Tuesday, May 27, 2008
I met a wrestler who actually did smell like he'd just been evicted from a locker room. Really.
Friday, May 23, 2008
Speaking of which, I can finally upload cell phone photos online now, so you can expect to see some ridiculous stuff here soon. I think the best photos are the one that have movement and action that makes it look more natural. Look for those on the horizon.
No, I did not go to the blogger 's seminar on Wednesday. I was sick and tired literally that morning and needed to rest. I heard it was okay until they got into computer speak. You know, "Will this stuff go to Linux", or "If my wifi can't connect into the motherboard, can I just strip it into my chichiwhadilly and flux in onto my paradiddil so I can have access to my Oom-mau-mau" or something like that. Also, my laptop is old and the other guys would have laughed me out of the room.
I've got some wonderful things coming up for this very site in the near future as we get closer to our fifth anniversary of blogging.
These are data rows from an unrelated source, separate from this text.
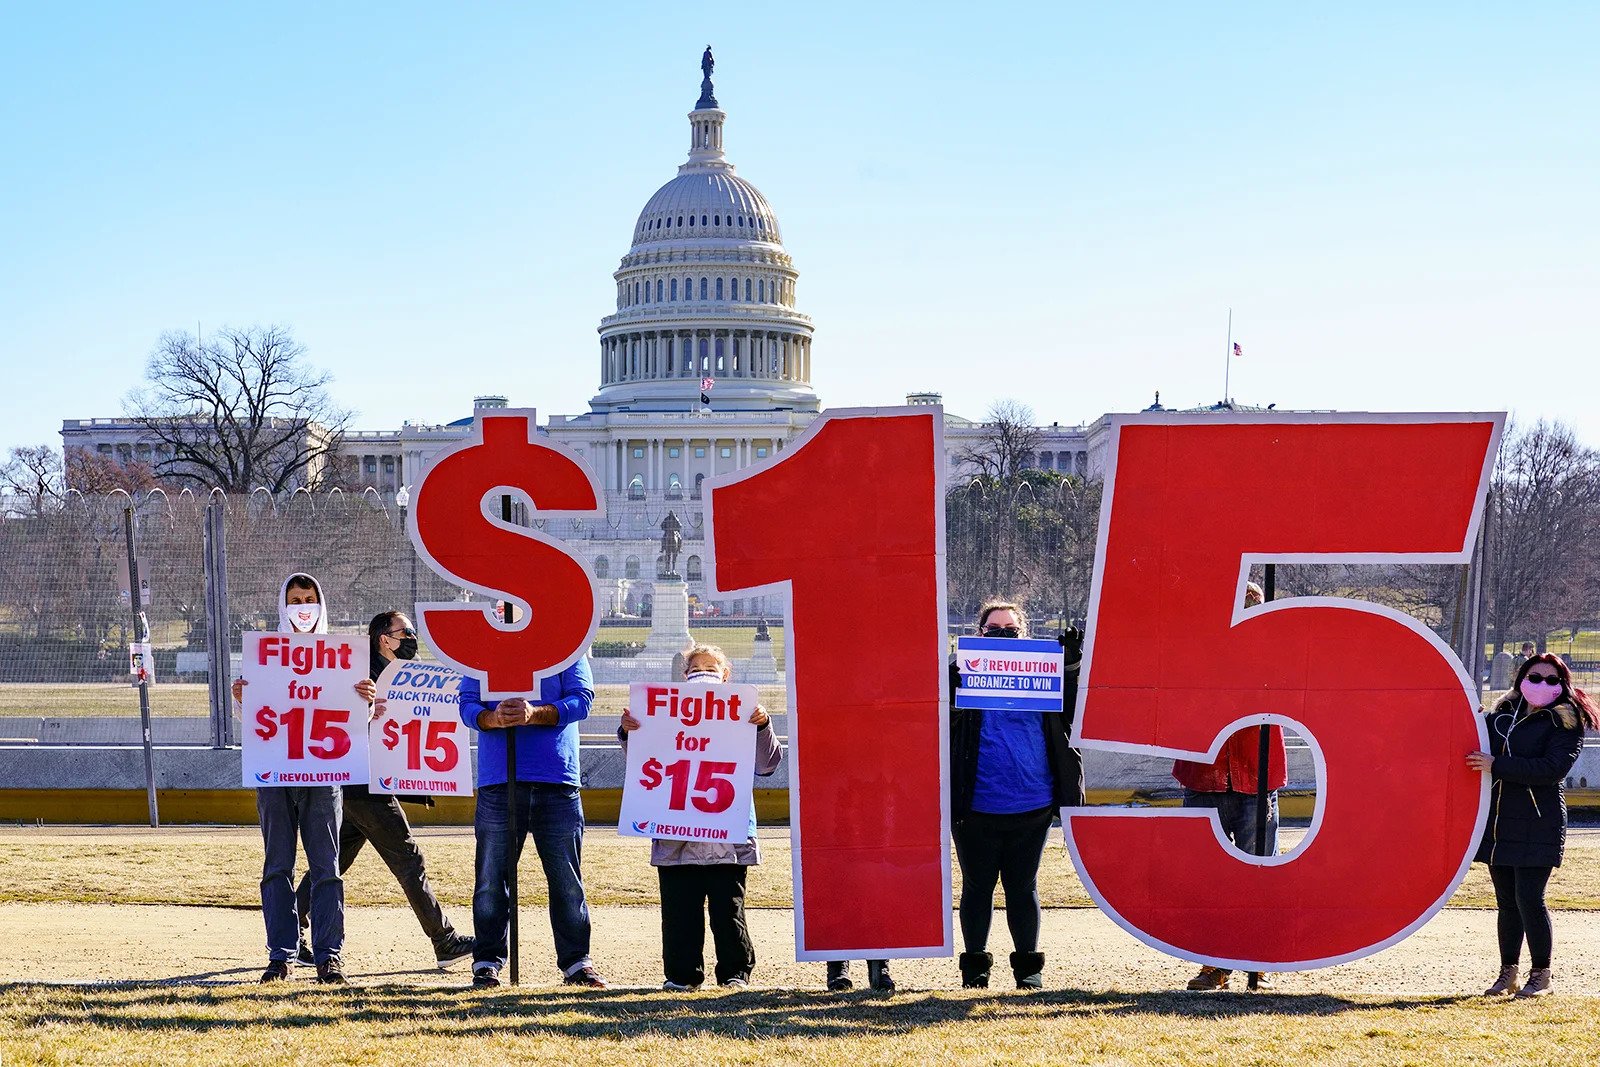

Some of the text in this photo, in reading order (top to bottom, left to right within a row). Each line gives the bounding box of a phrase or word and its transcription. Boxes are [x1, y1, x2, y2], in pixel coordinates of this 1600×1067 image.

[258, 637, 352, 675] Fight
[989, 660, 1057, 673] REVOLUTION
[288, 680, 322, 700] for
[967, 675, 1052, 690] ORGANIZE TO WIN
[387, 690, 460, 704] BACKTRACK
[413, 705, 431, 716] ON
[646, 687, 741, 727] Fight
[255, 706, 351, 760] $15
[675, 731, 711, 752] for
[382, 718, 459, 773] $15
[280, 771, 350, 783] REVOLUTION
[398, 779, 457, 792] REVOLUTION
[639, 757, 737, 814] $15
[656, 824, 728, 840] REVOLUTION
This site has gone from a dog and pony show to a dog, pony and dancing pig show so I think it's time for new things here. That doesn't mean changing the template as I think folks like the familiar, so the best thing for me to do is don't screw what's worked so far. Plus, I don't feel like fighting any HMTL right now. Look for some exciting news here soon, and that includes "Underground Savannah".
Finally, I leave you with Weezer and their new song "Pork and Beans", in what could be the marching song for this page as we've delved into the pop culture of the internet, especially You Tube and it's many "stars". Just watch and guess how many of these folks you've seen online at 3 in the morning. Have a safe Memorial Day weekend and I'll talk to you after Monday!
Tuesday, May 20, 2008
Monday, May 19, 2008
I do want to once again announce that May 17th has now come and gone and there are no "Underground Savannah" clips up yet. That's because I've been talking to my family a lot as of late now that the Fantastic Four has reunited. Of you are wondering, I was The Thing of the group. I needed to take of all the real world stuff before I could sit and cut the show like I'd like. There is a plan however and I'm not making it up as I go along.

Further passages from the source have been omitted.